Мусоргский вошел в трактир возле Морской. Отдавая на вешалку пальто, он, как посторонний, поглядел на партитуру «Бориса», положенную им на подзеркальник. Словно он и не автор этого сочинения. Из зеркала на него смотрел человек с печальными глазами, уставший от забот, желающий хотя бы на время забыться.

Вернулся он к Опочининым поздно. Александр Петрович спал, а Надежда Петровна ждала его.

Заметив, что он не в себе, Надежда Петровна без всякой укоризны сказала:

– Зачем вы так, Моденька? Ведь нельзя же вам, вредно, вы сами потом раскаиваетесь!

Мусоргский приложился к ее руке с наигранной галантностью.

– Простите… – пробормотал он. – Не стою ваших забот…

– Да я не осуждаю, мне только жаль и больно.

Он сел в кресло, бессильный, и добрыми виноватыми глазами посмотрел на нее. То ли она мать ему заменяла, то ли он влюблен в нее, Мусоргский сам не понимал.

«Вот я какой ничтожный, – подумал он. – Меня раздавили и смяли, но я не жалуюсь и помощи ни у кого не ищу. Обойдусь один, пускай только она смотрит на меня своими добрыми глазами…»

Мусоргскому казалось, что он перед нею виноват, но в душе его поднималась гордость осознанного несчастья. Мысль, что он один, совершенно один, наполнила его и горечью и верой в то, что как-нибудь он выберется из беды.

– Идите, Моденька, спать, – мягко сказала Надежда Петровна.

– Пойду, хорошо, – ответил он, с трудом поднимаясь.

Захотелось рассказать, как его сегодня унизили, уже слова какие-то возникли, но мысль об одиночестве заставила его промолчать.

Утром, проснувшись, Мусоргский не сразу припомнил, что случилось вчера. Ах да, «Борис»! «Бориса» вернули… Что же делать теперь? Когда Милия уволили, раздались хоть голоса протеста, возмущения, а тут кто же поднимет голос? Никто. Все то большое, что мерещилось ему в эти месяцы, пропало с той минуты, как он расписался в книге исходящих бумаг.

Надо было собираться на службу. Что ж, раз он не композитор, только и остается что служить в Лесном ведомстве. Наверно, Милий, свернувший с дороги искусства, испытывал такое же чувство безысходности.

Мусоргский намерен был уже уйти, когда появилась в столовой хозяйка.

– Куда вы, Модя, без чая? – остановила она его.

В столовой было пасмурно.
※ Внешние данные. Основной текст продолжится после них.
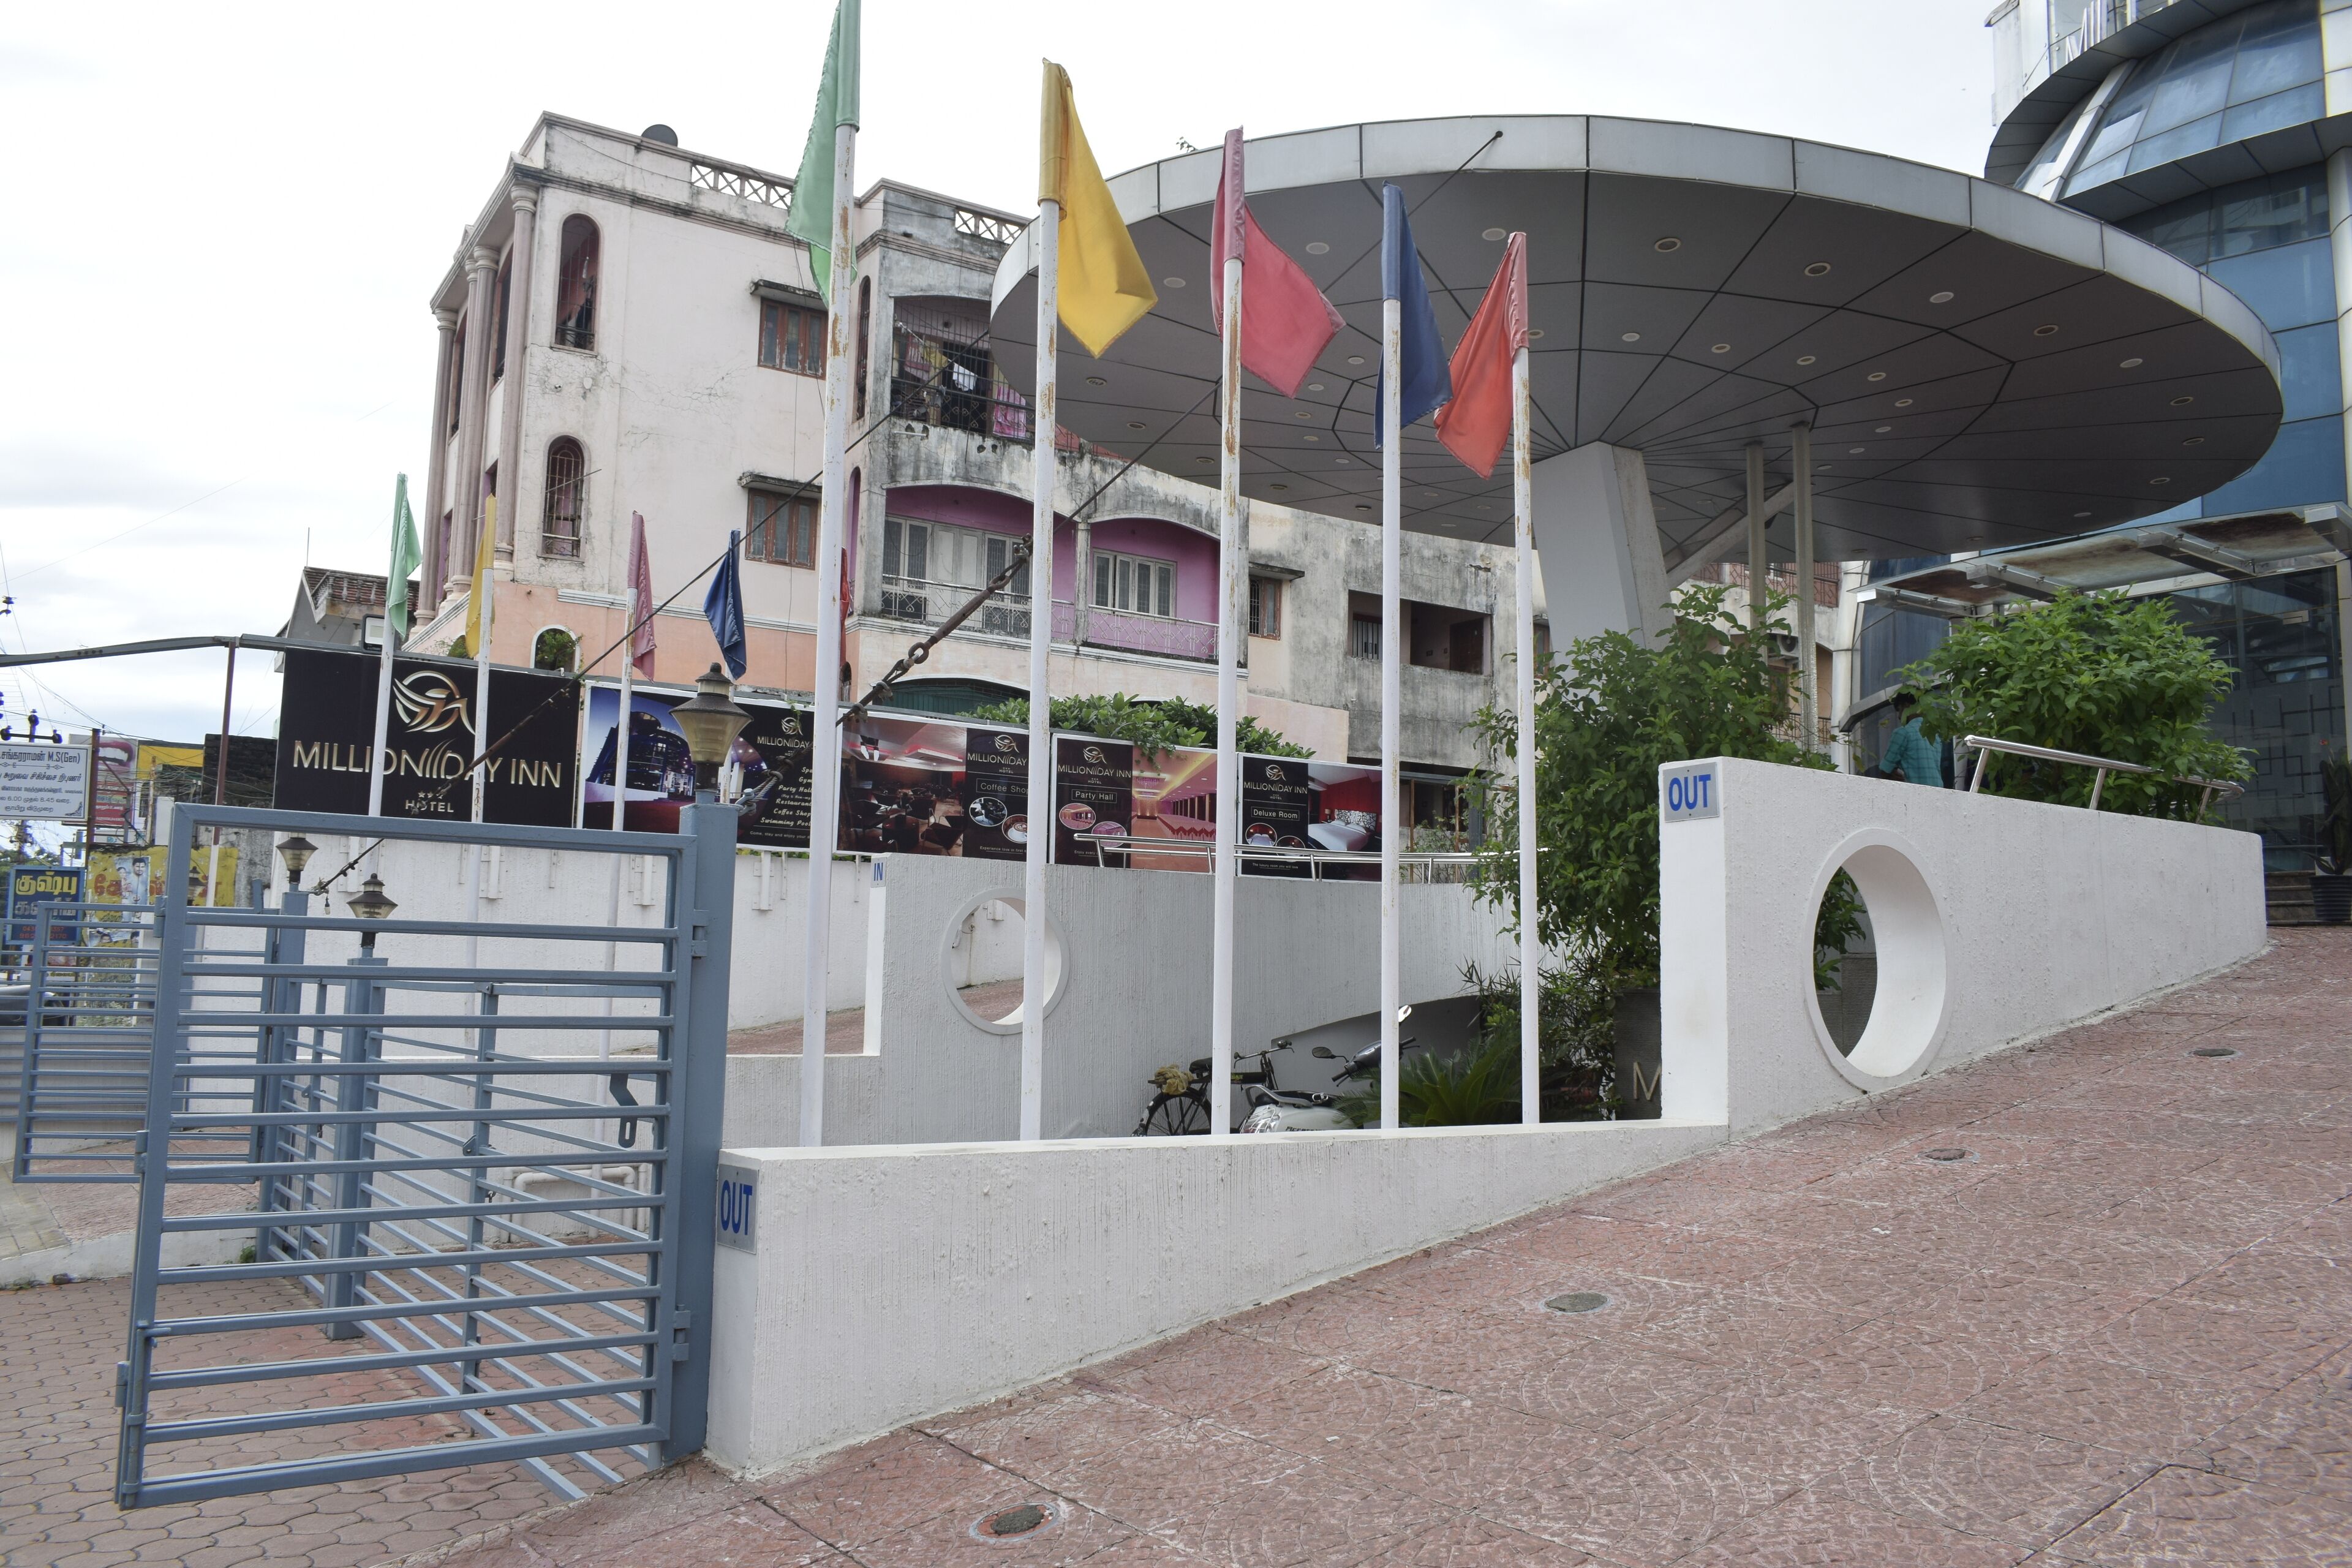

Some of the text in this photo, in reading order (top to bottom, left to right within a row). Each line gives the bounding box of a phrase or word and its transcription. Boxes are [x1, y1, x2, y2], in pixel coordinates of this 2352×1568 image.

[510, 758, 562, 788] INN
[1116, 769, 1133, 778] INN
[778, 785, 797, 793] Party
[980, 782, 1008, 792] Coffee
[1294, 786, 1308, 794] INN
[1075, 791, 1096, 801] Party
[1668, 774, 1711, 812] OUT
[405, 799, 454, 813] HOTEL
[1253, 809, 1298, 820] Deluxe Room
[760, 817, 794, 827] Swimming
[873, 862, 884, 881] IN
[720, 1179, 753, 1235] OUT
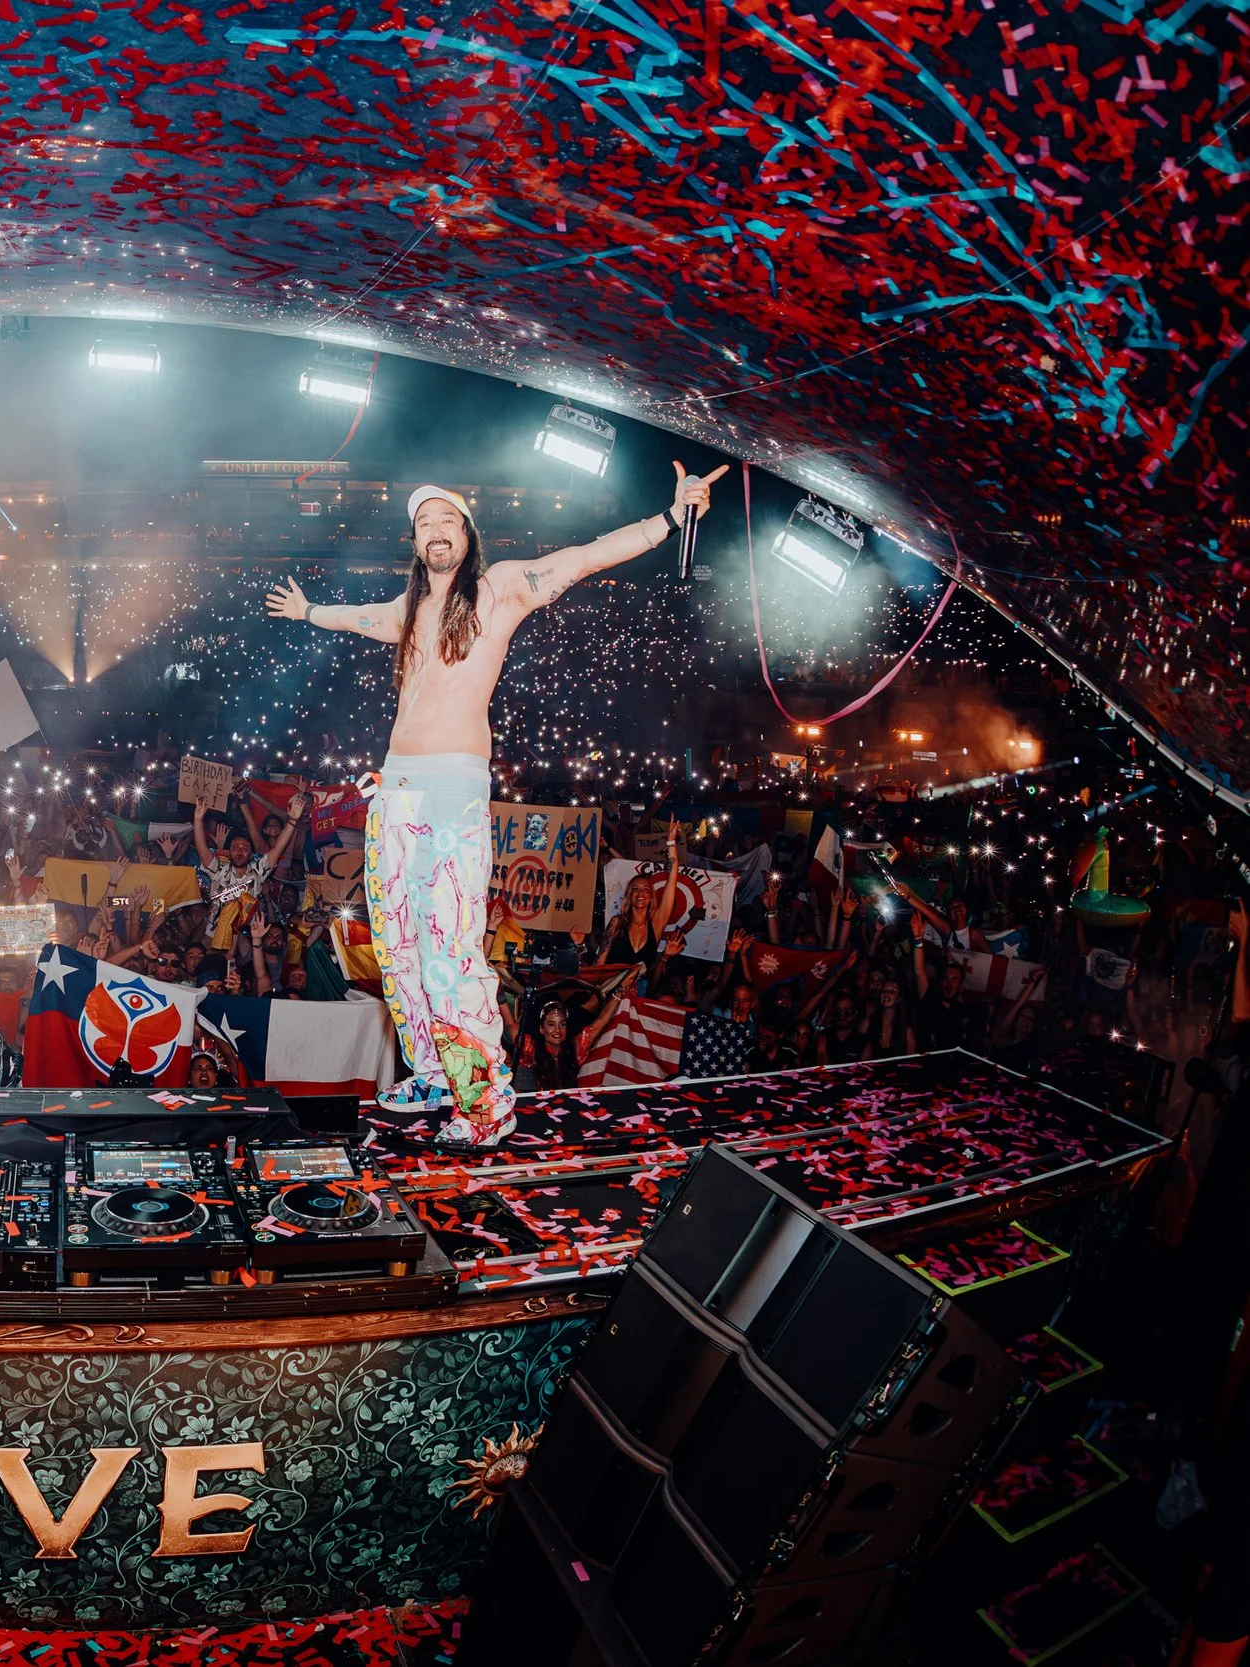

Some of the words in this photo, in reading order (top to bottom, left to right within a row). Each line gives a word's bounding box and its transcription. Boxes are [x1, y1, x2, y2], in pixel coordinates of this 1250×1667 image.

[225, 463, 269, 473] UNITE
[274, 463, 337, 473] FOREVER
[181, 758, 230, 782] BIRTHDAY
[183, 776, 224, 797] CAKE
[549, 812, 597, 867] AOKI
[517, 866, 574, 889] TARGET
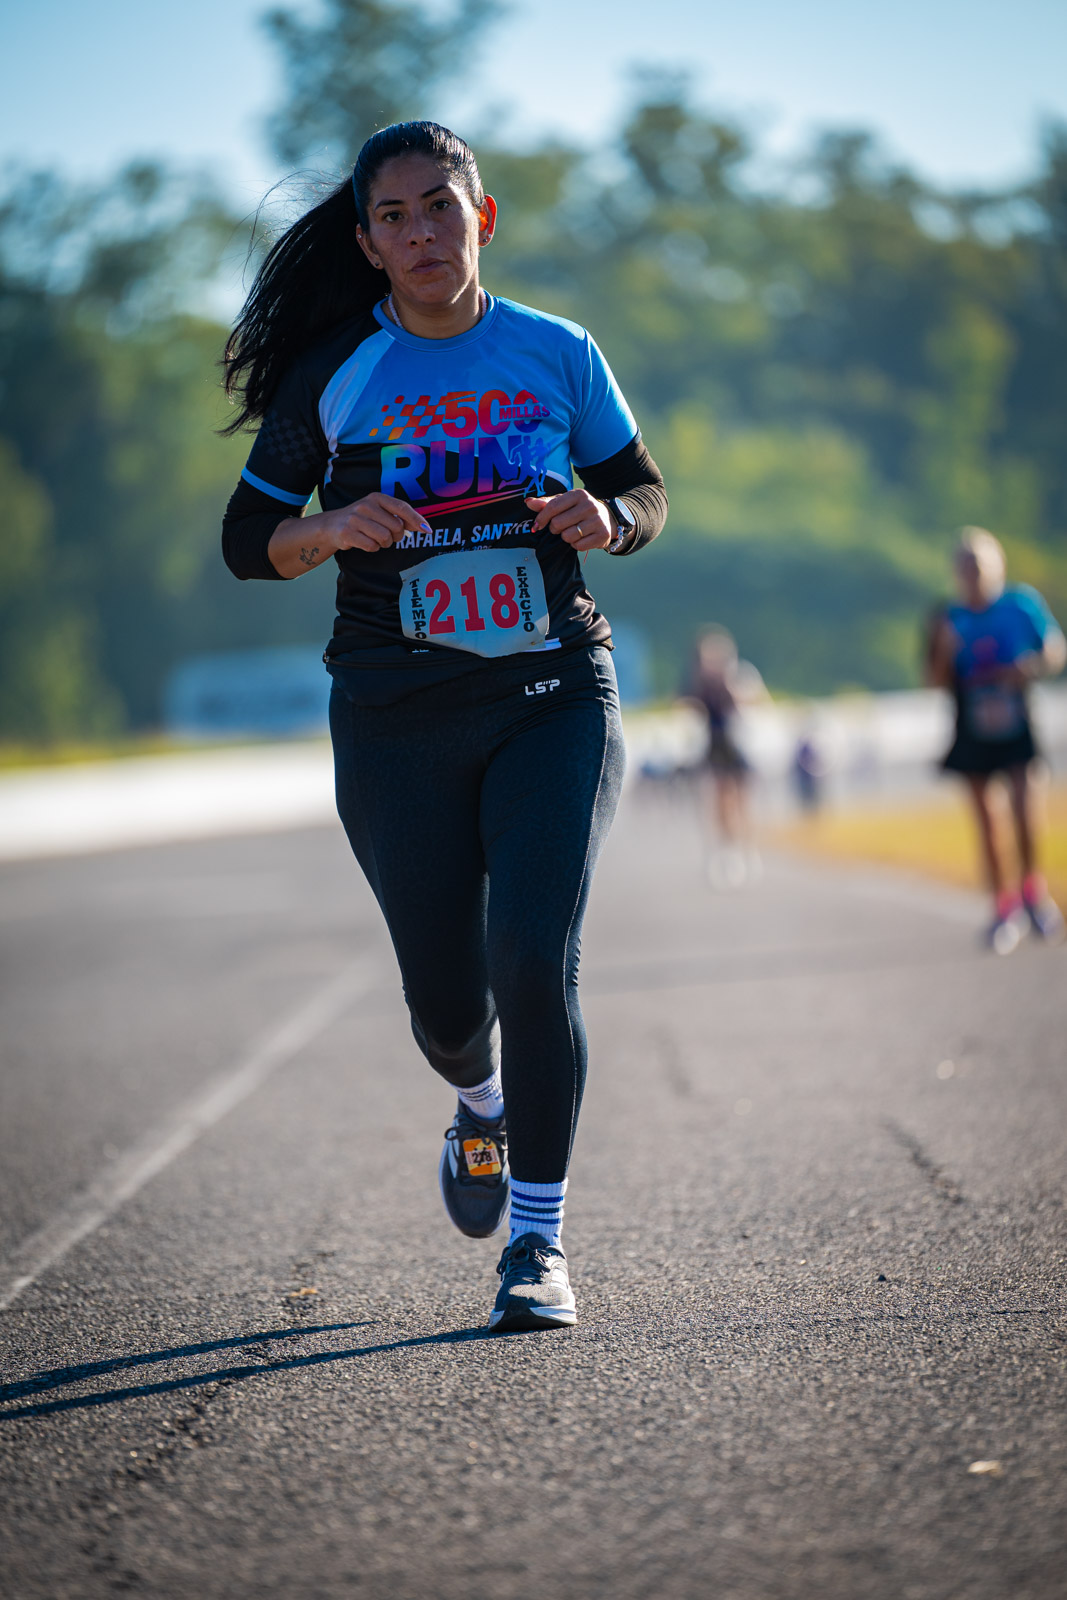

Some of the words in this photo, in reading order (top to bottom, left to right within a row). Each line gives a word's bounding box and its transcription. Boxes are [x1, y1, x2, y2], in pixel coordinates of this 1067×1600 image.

[441, 389, 542, 438] 500
[499, 405, 551, 419] MILLAS
[380, 434, 531, 501] RUN
[409, 578, 427, 640] TIEMPO
[425, 573, 520, 635] 218
[515, 566, 535, 633] EXACTO
В халате, растрепанная, заспанная, Надежда Петровна была так же мила ему, как и вчера.

– Простите, голубушка вы моя, вчерашний мой грех! – произнес он виновато.

– Я просто испугалась, полночи потом не спала. На вас лица вчера не было. Не случилось ли чего дурного, Моденька?

Он указал на лежавшую на окне со вчерашнего вечера рукопись:

– Вот эту партитуру прирезали.

– Ах господи, как же так?! – произнесла она с испугом.

Он пожал плечами, не умея объяснить, почему так случилось.

Надежда Петровна, видя, что Модест уходит, попробовала задержать его.

– Нет, неохота пить чай… Я так пойду, голубушка…

Два дня никому из друзей Мусоргский не рассказывал о своем провале. Надо было самому привыкнуть к новому положению. Смутное чувство протеста останавливало его: ведь в свое время Кюи и Стасов советовали внести переделки в оперу, а он не согласился. Теперь они вправе приписать отказ этому, а он знает наверное, что дело не в этом.

Но Стасов, услышав, чем кончились хождения Мусоргского, отнесся к неудаче, как подобало другу.

– Тупицы, чиновники! – в негодовании произнес он. – На иностранное тратим тысячи, а свое втаптываем в грязь!

Он заложил руки за спину и остановился в ожидании. Мусоргский молчал.

– Вы что же, Модест, намерены отступить? Пойдете путем Милия?

– Не знаю… нет. Путь Милия не для меня.

– Не отступать надо, а драться до крови!

Стасов с тревожным ожиданием смотрел на Мусоргского; Мусоргский подумал, что вот сейчас тот скажет: «А я про переделки прежде еще говорил!»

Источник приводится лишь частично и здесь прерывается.